Donovanose. Cas
clinique.
Observation
Un
homme de 32 ans, originaire du Mali, est admis dans le service de
médecine interne du CHU de Libreville (Gabon) pour des ulcérations génitales
indolores évoluant depuis quinze jours. Il travaille comme maçon dans une
entreprise de travaux publics.
Cet homme jeune, séparé de sa famille,
a des rapports sexuels non protéges avec des partenaires de rencontre. Le
dernier rapport remonte à un mois. Quinze jours après, il a vu apparaître des
papules et des vésicules sur la verge et au niveau des plis inguinaux. Ces
lésions ont évolué vers des nodules qui se sont secondairement ulcérés.
A l’examen, on est en présence d’un
homme en bon état général. Il présente essentiellement des ulcérations
génitales, indolores, indurées et bourgeonnantes en périphérie. De ces lésions
sourd en permanence une sérosité. Le reste de l’examen est sans anomalie.
L’examen bactériologique
de la sérosité ne montre pas de bacilles. L’examen du frottis obtenu par
raclage d’une ulcération, coloré par le Giemsa, montre de nombreux histiocytes
dont certains contiennent une grande quantité de bacilles constitués de 2 pôles
fortement colorés en violet, entourés d’un halo.
Quels diagnostics doit-on
évoquer ?
Quelles sont les critères diagnostiques
des principales ulcérations génitales ?
Quels examens para-cliniques sont
utiles au diagnostic étiologique de ces ulcérations ?
Quel traitement allez-vous prescrire à
ce malade ?
Discussion
Il s’agit à l’évidence chez cet homme
jeune, présentant des ulcérations génitales bourgeonnantes, apparues après des
rapports sexuels avec des prostituées, d’une maladie sexuellement
transmissible.
La syphilis primaire
ou primo-secondaire est certainement la première infection à évoquer, même si
l’aspect des lésions n’est pas en faveur. Le chancre syphilitique est une
ulcération, le plus souvent unique, parfois multiple, indurée, accompagnée
d’adénopathies peu inflammatoires, avec parfois un «préfet de l’aine». La
négativité des sérologies TPHA- VDRL élimine ce diagnostic.

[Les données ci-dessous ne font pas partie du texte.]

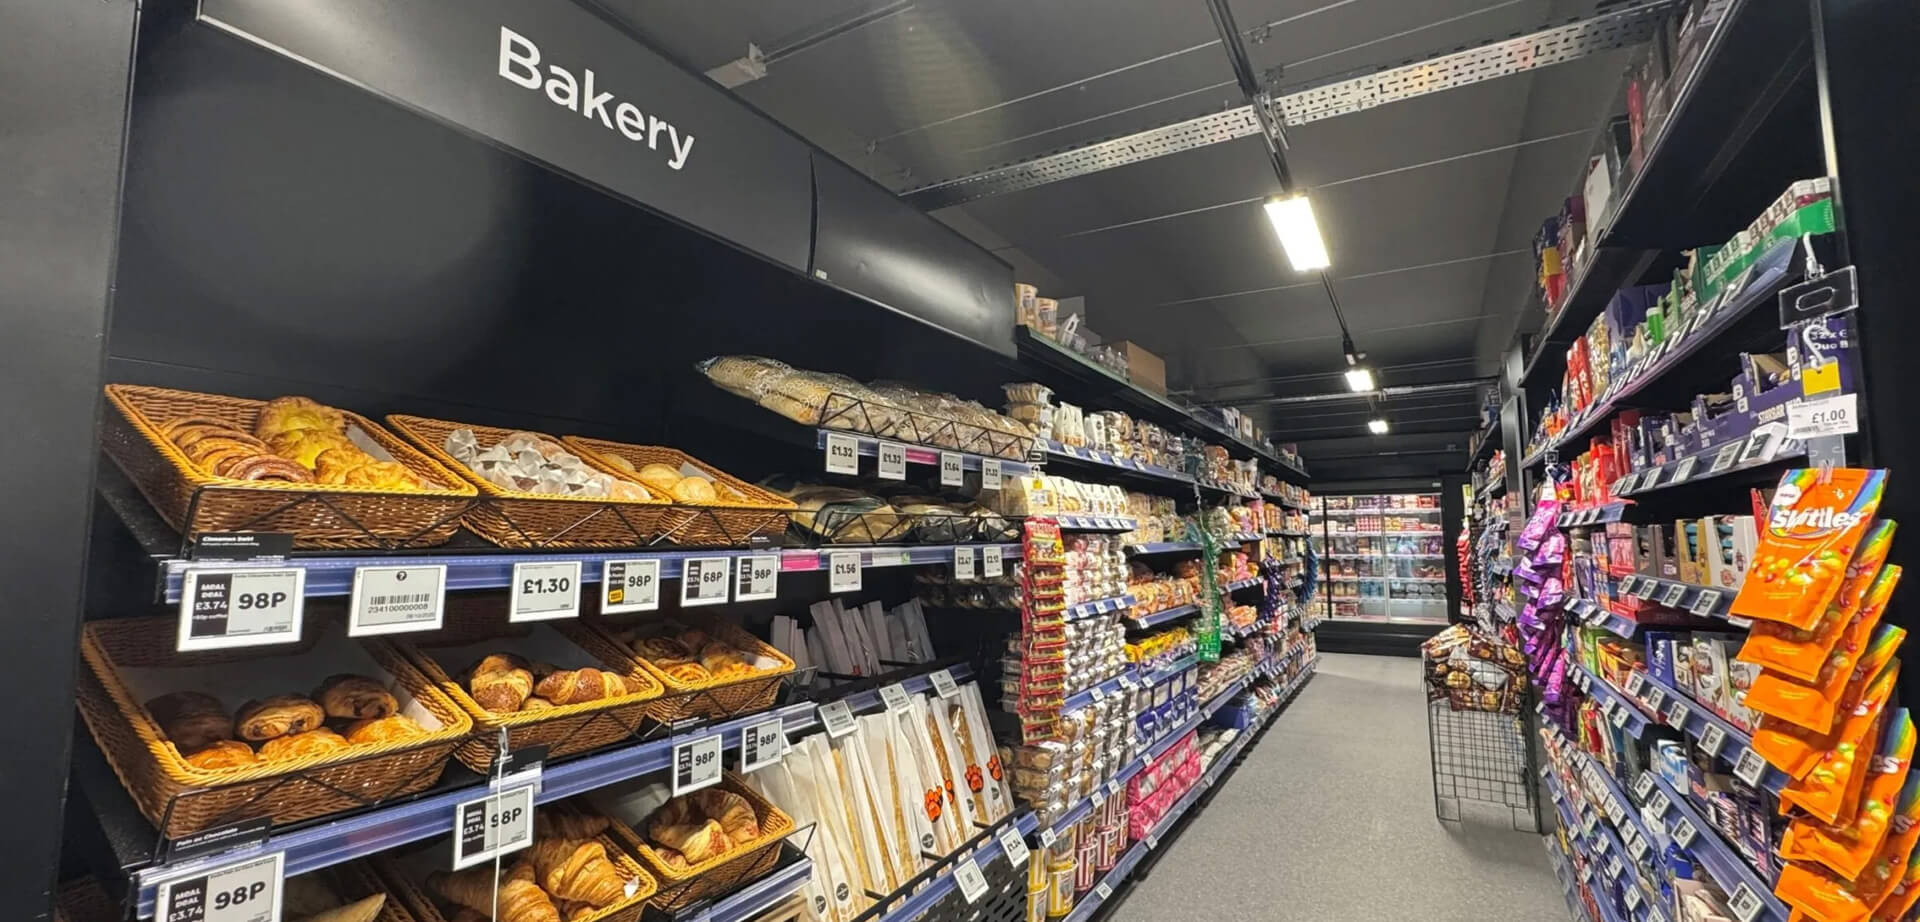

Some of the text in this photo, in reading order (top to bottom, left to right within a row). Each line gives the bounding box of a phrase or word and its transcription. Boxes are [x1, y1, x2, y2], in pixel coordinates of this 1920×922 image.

La présence de plusieurs ulcérations
doit faire discuter un chancre mou, Les ulcérations sont multiples, non
indurées, douloureuses spontanément et à la palpation, de consistance molle, à
bords décollés et inflammatoires, à fond fibrino-purulent. Il y a de grosses
adénopathies douloureuses. Un critère spécifique est l’auto-inoculation par
contiguïté. Le diagnostic repose sur la mise en évidence de bacilles Gram
négatif à l’intérieur des polynucléaires ou extracellulaires regroupés en
chaînettes (bacilles de Ducrey).
La lymphogranulomatose vénérienne ou
maladie de Nicolas-Favre est en pratique une maladie systémique chronique, dont
le point de départ est une ulcération génitale souvent méconnue, révélée par
deux tableaux cliniques principaux : adénites inguinales réparties de part
et d’autre de l’arcade crurale (signe de la poulie) évoluant vers la
fistulisation (en pomme d’arrosoir) et
une rectite aiguë. Le diagnostic repose sur la mise en évidence de Chlamydia trachomatis (par ponction
ganglionnaire) et un taux élevé d’anticorps spécifiques.

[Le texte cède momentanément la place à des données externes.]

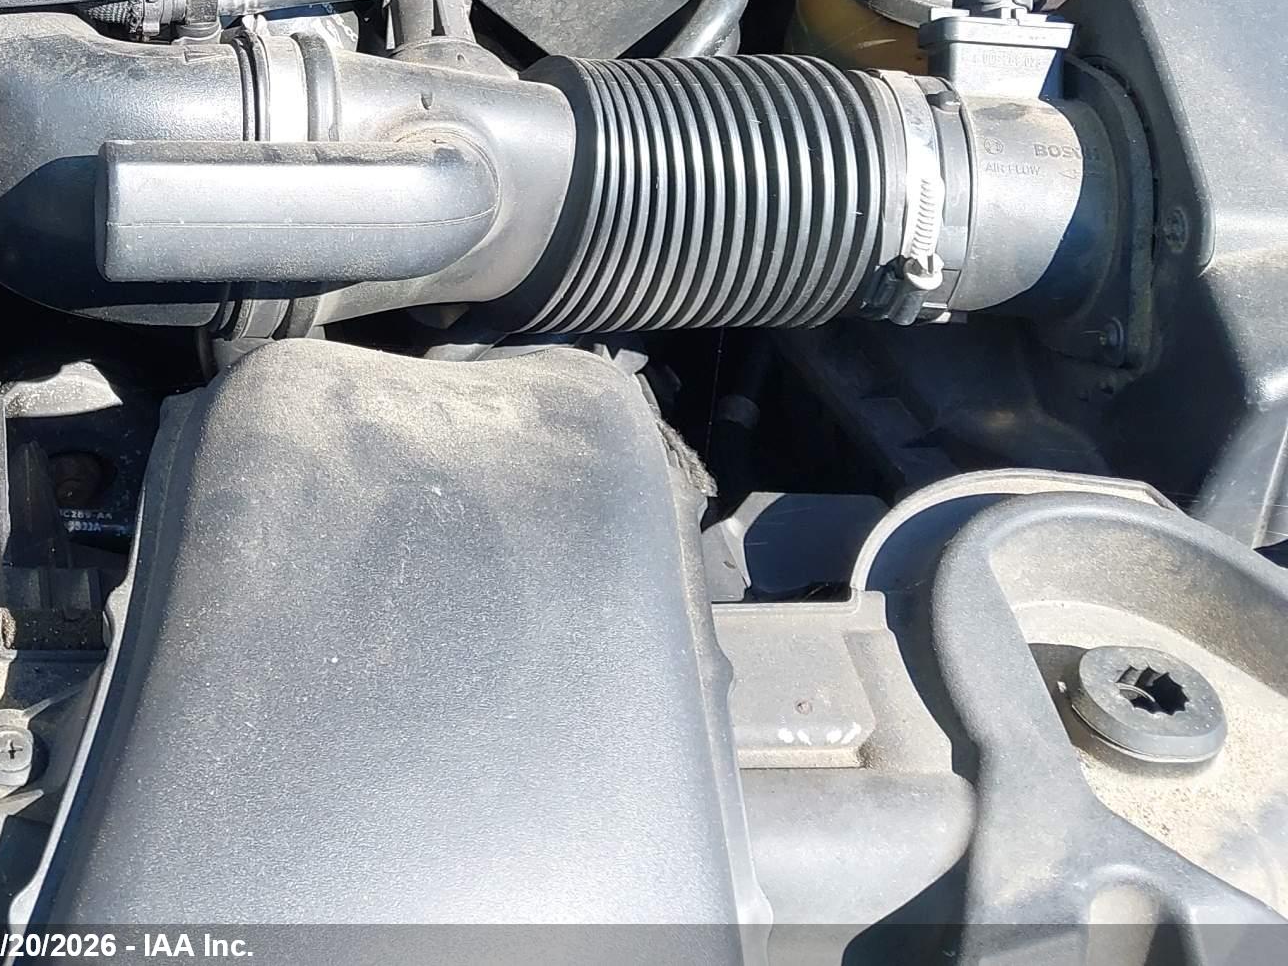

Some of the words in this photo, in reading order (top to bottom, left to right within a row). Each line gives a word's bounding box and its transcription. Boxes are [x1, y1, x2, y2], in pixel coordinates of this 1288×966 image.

[1033, 143, 1101, 162] BOSCH
[985, 163, 1004, 173] AIR
[1008, 164, 1041, 176] FLOW

Quant à l’herpès, du à Herpes simplex virus 2, il s’agit
d’érosions multiples groupées en bouquet, très douloureuses, avec de multiples
adénopathies de petite taille, sensibles et fermes.

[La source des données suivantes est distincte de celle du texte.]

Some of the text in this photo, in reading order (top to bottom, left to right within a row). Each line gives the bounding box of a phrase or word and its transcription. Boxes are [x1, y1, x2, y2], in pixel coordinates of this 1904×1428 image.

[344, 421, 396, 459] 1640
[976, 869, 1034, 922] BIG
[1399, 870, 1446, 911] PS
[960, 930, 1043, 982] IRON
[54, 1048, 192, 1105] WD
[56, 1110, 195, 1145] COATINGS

Devant les lésions génitales multiples,
ulcérées, bourgeonnantes, étendues (verge, plis inguinaux) que présente ce
malade, la présence sur le frottis de raclage de bacilles Gram négatif dans les
histiocytes, prenant une coloration bipolaire (les corps de Donovan), le
diagnostic de donovanose ou granulome inguinal est retenu. Il s’agit d’une
maladie sexuellement transmissible d’origine bactérienne, due à Calymmatobacterium granulomatis.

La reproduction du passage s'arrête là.